[Excerpts from a dataset]
▽

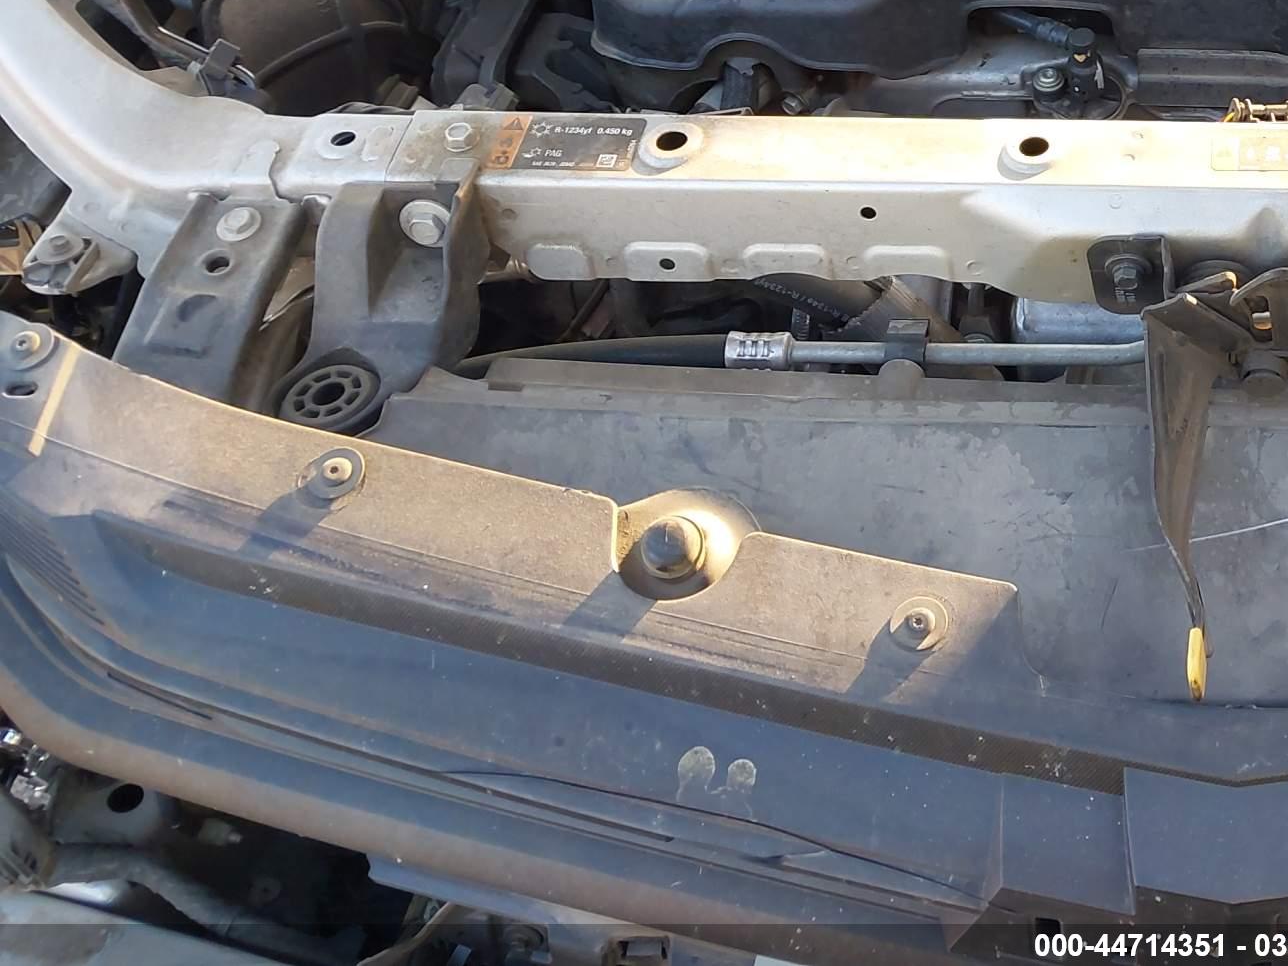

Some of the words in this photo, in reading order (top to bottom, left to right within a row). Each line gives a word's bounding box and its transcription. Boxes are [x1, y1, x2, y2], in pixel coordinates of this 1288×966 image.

[554, 126, 593, 135] R-1234yf
[596, 127, 621, 135] 0.450
[621, 127, 633, 136] kg
[544, 149, 563, 157] PAG

△

## Task directions
Pictures are to be dropped, and every record is to be copied exactly.

## Response
Some of the words in this photo, in reading order (top to bottom, left to right within a row). Each line gives a word's bounding box and its transcription. Boxes are [x1, y1, x2, y2], in pixel coordinates of this 1288×966 image.

[554, 126, 593, 135] R-1234yf
[596, 127, 621, 135] 0.450
[621, 127, 633, 136] kg
[544, 149, 563, 157] PAG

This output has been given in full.